Simone de Caillavet n’a joué dans l’oeuvre de Marcel Proust qu’un rôle de figurante. Elle n’y apparaît que quelques instants, dans les pages finales du Temps retrouvé. Mais c’est là un moment si particulier et si capital de l’oeuvre qu’il faut un peu minutieusement en conter l’avant, l’après, les effets, les entours.

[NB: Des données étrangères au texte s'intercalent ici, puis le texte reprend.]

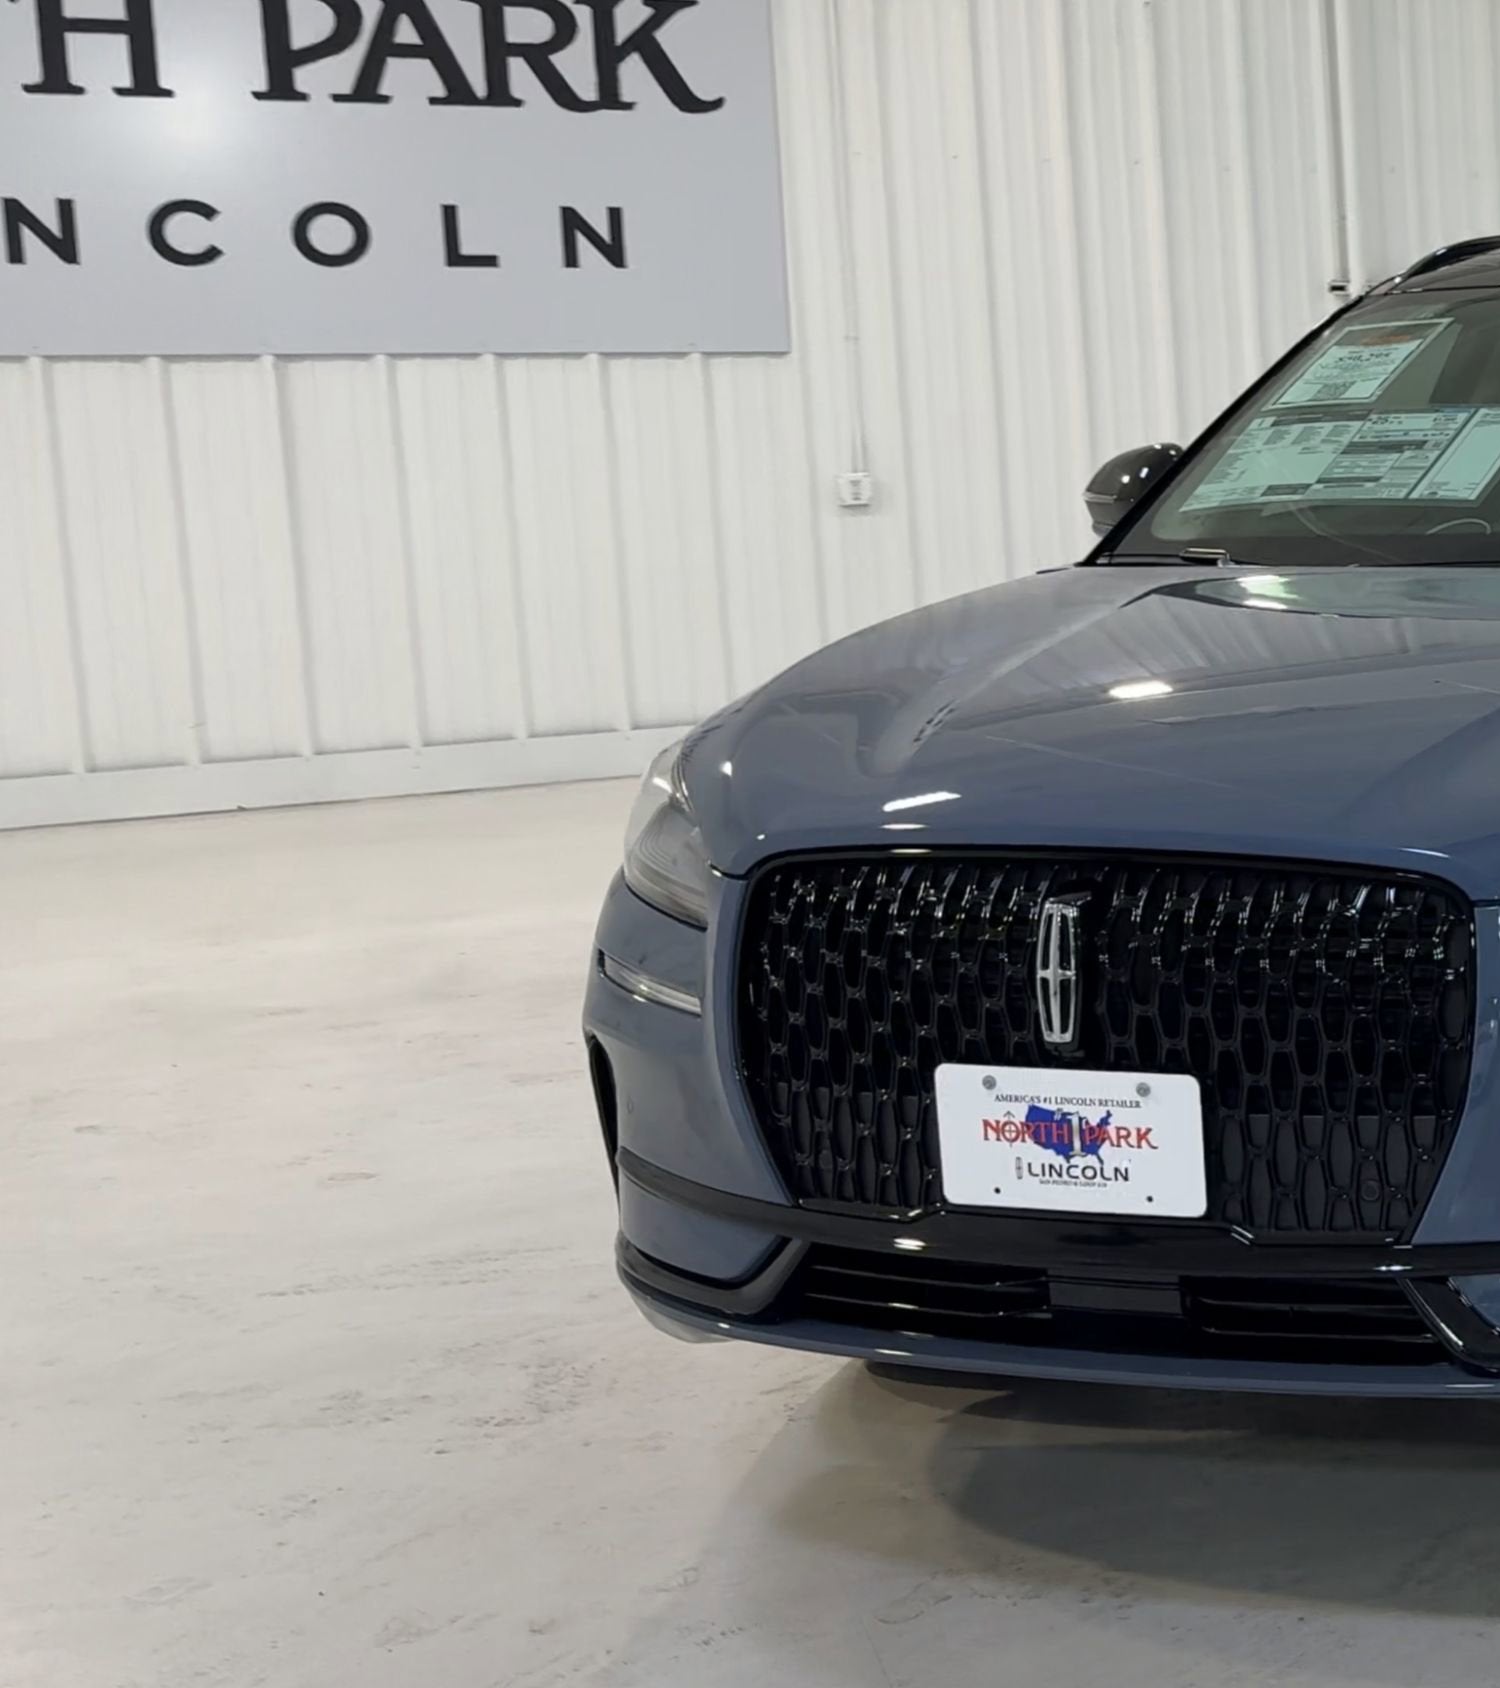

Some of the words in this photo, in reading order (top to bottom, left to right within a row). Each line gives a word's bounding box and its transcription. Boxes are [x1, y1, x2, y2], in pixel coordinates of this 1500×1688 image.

[8, 0, 174, 97] H
[251, 0, 725, 114] PARK
[0, 198, 628, 268] NCOLN
[994, 1094, 1041, 1104] AMERICA'S
[1054, 1096, 1097, 1107] LINCOLN
[1099, 1098, 1142, 1109] RETAILER
[981, 1119, 1070, 1144] NORTH
[1084, 1121, 1159, 1149] PARK
[1027, 1162, 1130, 1182] LINCOLN

La dernière partie de cet ultime volume de la Recherche du Temps perdu, est occupée par le récit de la “matinée” Guermantes. Le narrateur, au sortir de plusieurs années passées dans une maison de santé, est invité à une réception donnée en matinée par le prince et la princesse de Guermantes. Le chapitre consacré à cet événement mondain, banal par ailleurs, concentre les pages les plus importantes de la Recherche. Avant même de franchir la porte de l‘hôtel et de se trouver face aux autres invités, le narrateur a vu en effet ressurgir fortuitement un moment enfoui de son passé. Or, contrairement aux autres épisodes de ce type qui rythment la Recherche (le buisson d’aubépines, la madeleine, les clochers de Martainville, etc.), celui-ci - le pavé inégal - est décisif. Le narrateur reçoit la révélation de ce qu’il cherchait dans une quête obstinée mais jusqu’à présent vaine. Se clôt ainsi l’errance sociale et sentimentale qui avait si longtemps et désespérément, dans les volumes précédents, dévoré son énergie et nourri ses insatisfactions. Le narrateur, que nous pouvons maintenant assimiler à un Marcel Proust auparavant dissimulé, expose, dans une cinquantaine de pages très fermement et densément philosophiques le Discours de la Méthode auquel il entend conformer désormais son action future.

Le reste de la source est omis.